More than the sum of our parts

Our enduring fascination with celebrity body parts reminds us of the frailty of being human.

American actress Bette Davis, whose waist was reportedly insured for $28,000. Credit: Warner Bros. Pictures / Sunset Boulevard / Corbis via Getty Images.
American actress Bette Davis, whose waist was reportedly insured for $28,000. Credit: Warner Bros. Pictures / Sunset Boulevard / Corbis via Getty Images.

As a child I was obsessed by the Battle of Waterloo. Not for me the dreams of space or flight or fast cars that populated the consciousnesses of my schoolfellows; I spent my playtimes reimagining D’Erlon’s assault or the defence of Hougoumont. Eventually my parents bowed to the inevitable and took me to the battle site. It was an oddly disappointing experience. You might think that unsurprising – after all it is just a Belgian field – but even the memorials and the visitor centre seemed to fall short of the drama I had created in my head. The battle felt, if anything, more distant and unknowable there than it had been on the playground.

Perhaps it was simply a case of being too late. For many years the primary attraction near the battlefield was a piece of history from that day quite unlike any other. Towards the end of the battle the Duke of Wellington’s second in command, the Earl of Uxbridge, was in the saddle next to the Iron Duke when he was struck by a stray cannon shot to the leg. Having looked down at the mangled mess still fixed into his stirrup the Earl is supposed to have said to his superior ‘By God sir, I’ve lost my leg’. ‘By God, sir’ came the reply, ‘so you have.’ Uxbridge was taken to a nearby cottage for surgery to remove what was left of the leg. There are conflicting reports as to how he took the news of the amputation – one source states that he made a joke of his reputation as a ladies’ man and remarked that he would take the loss in good spirits as ‘it wasn’t fair to cut the younger men out any longer.’ Another states that he laconically observed that the knives used in the procedure looked ‘somewhat blunt.’
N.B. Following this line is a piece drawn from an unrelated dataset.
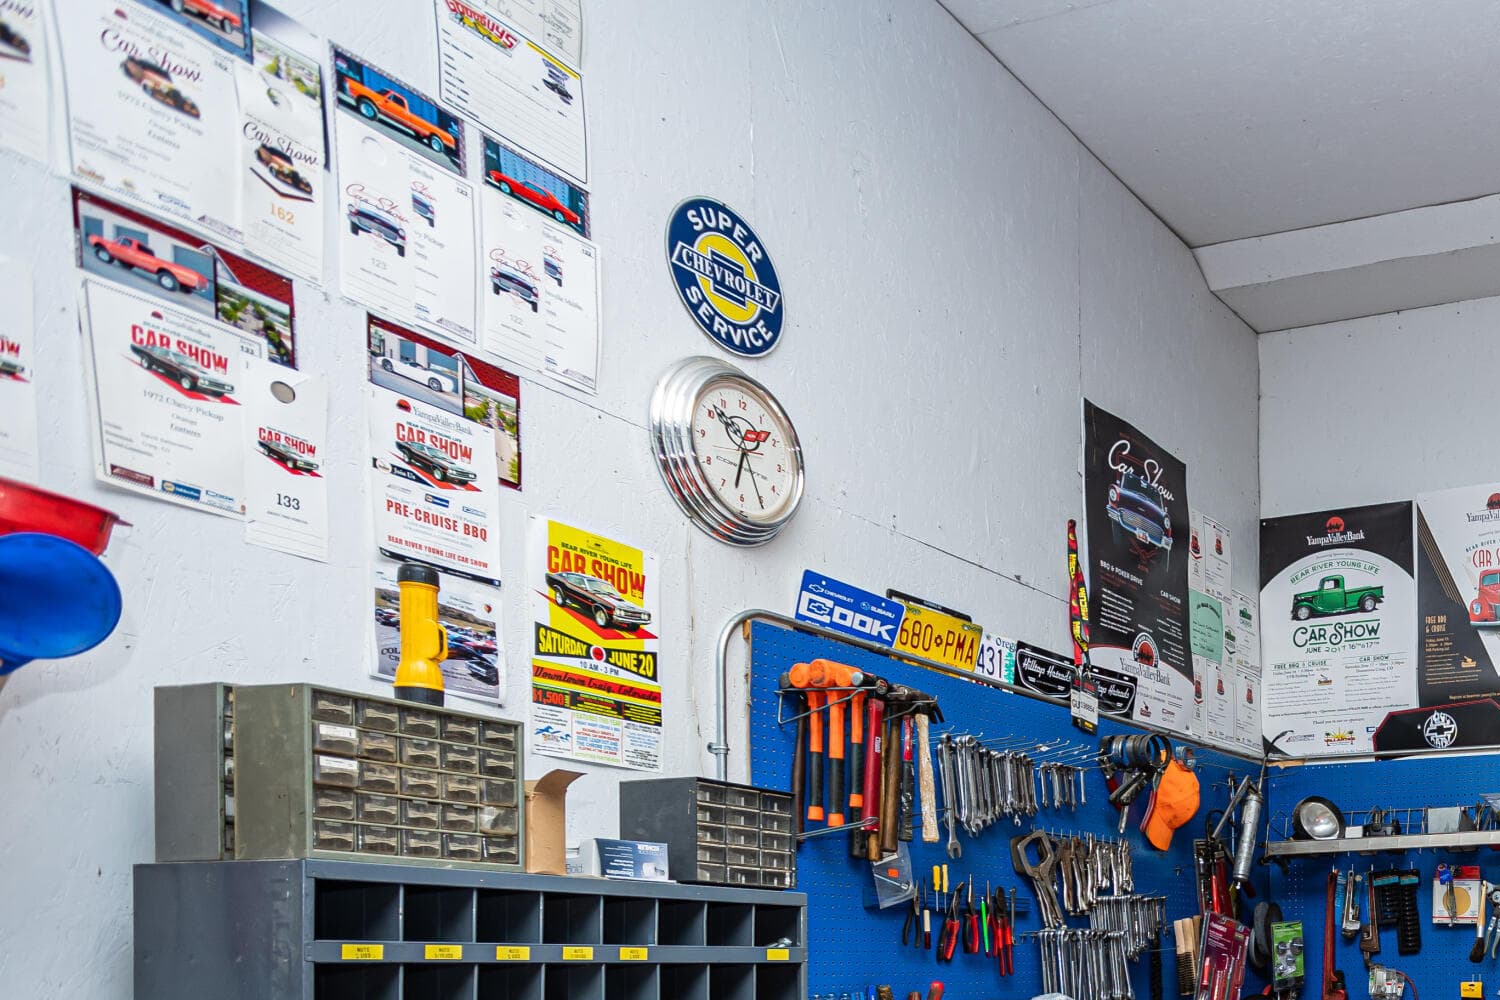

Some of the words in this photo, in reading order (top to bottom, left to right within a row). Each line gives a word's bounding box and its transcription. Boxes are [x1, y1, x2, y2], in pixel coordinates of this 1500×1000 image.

Either way, the leg came off, although in return Uxbridge received a hero’s welcome in Britain, a pension of £1,200 a year, and the marquessate of Anglesey. He later observed that losing the leg had been worth such a victory. The man whose house had been used for the operation asked Uxbridge for a very different type of reward – the amputated leg itself. Uxbridge consented and the leg’s ‘tomb’ became a must-visit destination for tourists from across the continent. Indeed, by the 1870s, it was no longer buried but on open display. Uxbridge’s family found out and demanded the leg be repatriated for a more dignified burial, a demand to which the owners agreed but only in exchange for a sizeable financial sum – the leg was big business after all. A diplomatic spat threatened to erupt, only for the leg to quietly go missing after the Belgian minister for the interior demanded it be reburied. When the last of the family died in the 1920s, his widow discovered the leg stashed away in a cupboard and, fearing further rows, threw the hero of Waterloo’s famed appendage into her central heating furnace, ending its strange career forever.
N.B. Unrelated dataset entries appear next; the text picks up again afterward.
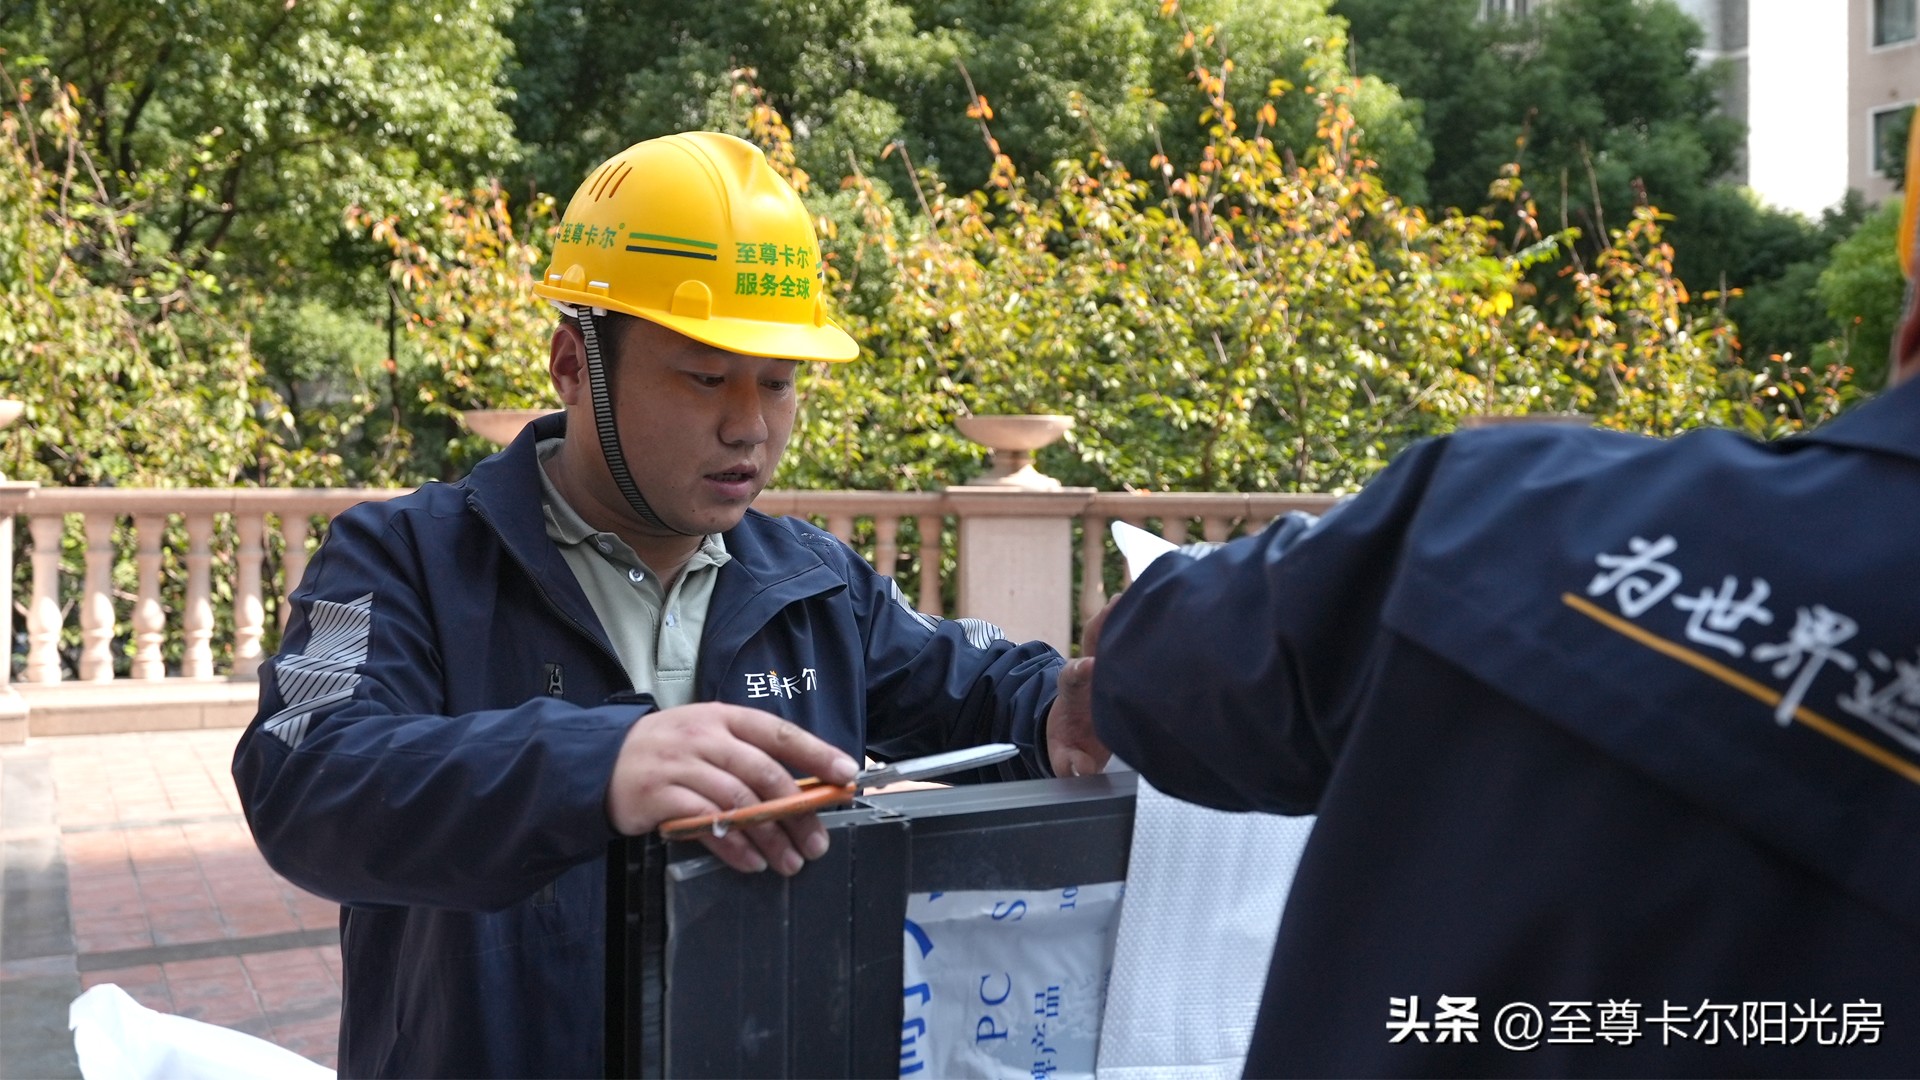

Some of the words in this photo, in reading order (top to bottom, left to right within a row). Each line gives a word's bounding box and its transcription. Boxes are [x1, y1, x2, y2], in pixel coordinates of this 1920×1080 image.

[735, 242, 810, 269] 至尊卡尔
[735, 272, 811, 299] 服务全球
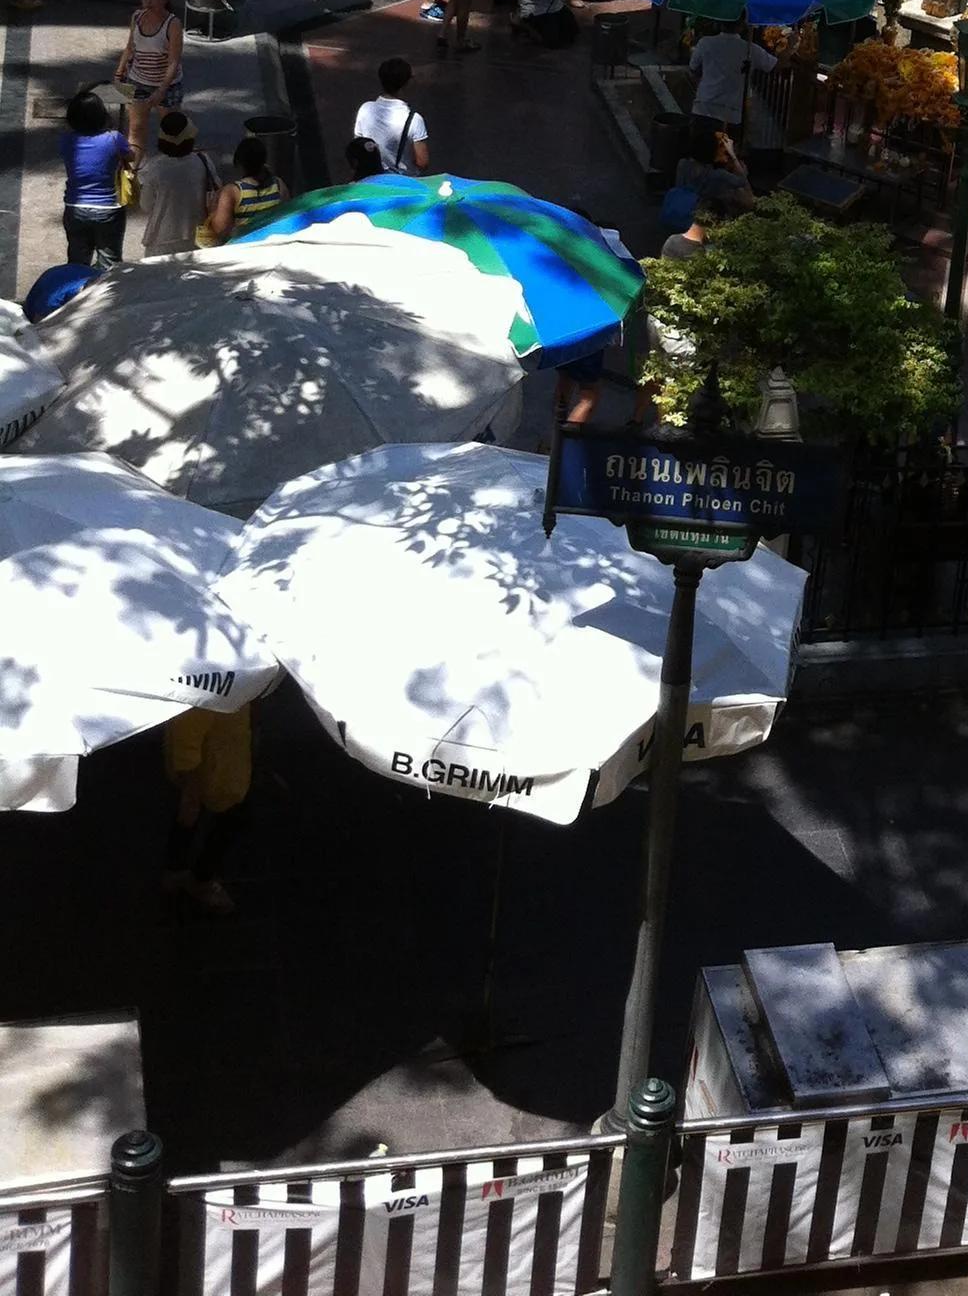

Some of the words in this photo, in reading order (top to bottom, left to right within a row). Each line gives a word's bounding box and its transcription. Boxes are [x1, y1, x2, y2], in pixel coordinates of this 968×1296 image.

[606, 455, 795, 494] ถนนเพลินจิต
[610, 486, 674, 505] Thanon
[682, 492, 742, 512] Phloen
[750, 499, 785, 516] Chit
[638, 723, 706, 762] VA
[391, 751, 534, 796] B.GRIMM
[861, 1133, 903, 1148] VISA
[382, 1195, 429, 1213] VISA
Of course, Uxbridge’s leg wasn’t the only body part in history to acquire a life, and a financial status, of its own. Lloyds of London list any number of body parts that have become so well known as to justify their owners taking out insurance policies to protect them. Keith Richards’ hands are insured for $1.8 million, Bette Davis took out a policy on her waist for $28,000, it is rumoured that the insurance on Dolly Parton’s breasts is something in the region of $3 million. The desire to define a human life by physical particulars (and, in turn, to monetarise them) is one with a long history – even if the Earl of Uxbridge’s leg seems a long way from Bette Davis’s waist.

Another thing they have in common, I suppose, is their composition: as the burial service has it, earth, dust and ash. In that sense perhaps the furnace wasn’t such an ignominious end for Uxbridge’s leg after all. It’s salutary to be reminded of the frailty of even celebrated bodies. This week Christians across the world will mark Good Friday; many will spend hours of devotion gazing upon perhaps the most famous body of them all, dwelling upon what it means for God to become that same frail being of earth, dust and ash.

When it comes to Easter Sunday and the celebration of the resurrection, that body will be gazed upon again, not in some perfected form but still bearing those Good Friday scars. Surely signs of an insurance policy voided, you might think, but no; tangible marks instead of a greater promise made to creatures of earth, dust, and ash – that they, we, might be, indeed are, much more than the sum of our parts.